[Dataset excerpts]
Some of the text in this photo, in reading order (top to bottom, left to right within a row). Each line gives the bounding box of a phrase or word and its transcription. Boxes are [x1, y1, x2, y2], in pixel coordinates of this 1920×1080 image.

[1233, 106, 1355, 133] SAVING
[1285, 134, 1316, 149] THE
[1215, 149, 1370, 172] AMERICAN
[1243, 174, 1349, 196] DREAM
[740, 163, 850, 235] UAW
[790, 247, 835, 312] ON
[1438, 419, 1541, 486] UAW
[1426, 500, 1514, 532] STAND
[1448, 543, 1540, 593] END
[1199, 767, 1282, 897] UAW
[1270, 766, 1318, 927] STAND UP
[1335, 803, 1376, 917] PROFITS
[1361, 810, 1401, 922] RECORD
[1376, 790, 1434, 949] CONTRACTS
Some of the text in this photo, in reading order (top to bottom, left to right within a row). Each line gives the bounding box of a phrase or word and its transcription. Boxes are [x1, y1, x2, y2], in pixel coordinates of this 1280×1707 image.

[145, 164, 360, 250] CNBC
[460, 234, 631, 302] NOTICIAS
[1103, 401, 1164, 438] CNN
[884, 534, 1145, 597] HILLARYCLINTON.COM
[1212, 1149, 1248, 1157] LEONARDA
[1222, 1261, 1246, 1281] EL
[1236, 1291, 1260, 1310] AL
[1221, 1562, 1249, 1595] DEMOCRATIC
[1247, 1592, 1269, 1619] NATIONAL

GOAL OF THE EXERCISE:
Output the data in full, please, exactly as written.

YOUR SOLUTION:
Some of the text in this photo, in reading order (top to bottom, left to right within a row). Each line gives the bounding box of a phrase or word and its transcription. Boxes are [x1, y1, x2, y2], in pixel coordinates of this 1920×1080 image.

[1233, 106, 1355, 133] SAVING
[1285, 134, 1316, 149] THE
[1215, 149, 1370, 172] AMERICAN
[1243, 174, 1349, 196] DREAM
[740, 163, 850, 235] UAW
[790, 247, 835, 312] ON
[1438, 419, 1541, 486] UAW
[1426, 500, 1514, 532] STAND
[1448, 543, 1540, 593] END
[1199, 767, 1282, 897] UAW
[1270, 766, 1318, 927] STAND UP
[1335, 803, 1376, 917] PROFITS
[1361, 810, 1401, 922] RECORD
[1376, 790, 1434, 949] CONTRACTS
Some of the text in this photo, in reading order (top to bottom, left to right within a row). Each line gives the bounding box of a phrase or word and its transcription. Boxes are [x1, y1, x2, y2], in pixel coordinates of this 1280×1707 image.

[145, 164, 360, 250] CNBC
[460, 234, 631, 302] NOTICIAS
[1103, 401, 1164, 438] CNN
[884, 534, 1145, 597] HILLARYCLINTON.COM
[1212, 1149, 1248, 1157] LEONARDA
[1222, 1261, 1246, 1281] EL
[1236, 1291, 1260, 1310] AL
[1221, 1562, 1249, 1595] DEMOCRATIC
[1247, 1592, 1269, 1619] NATIONAL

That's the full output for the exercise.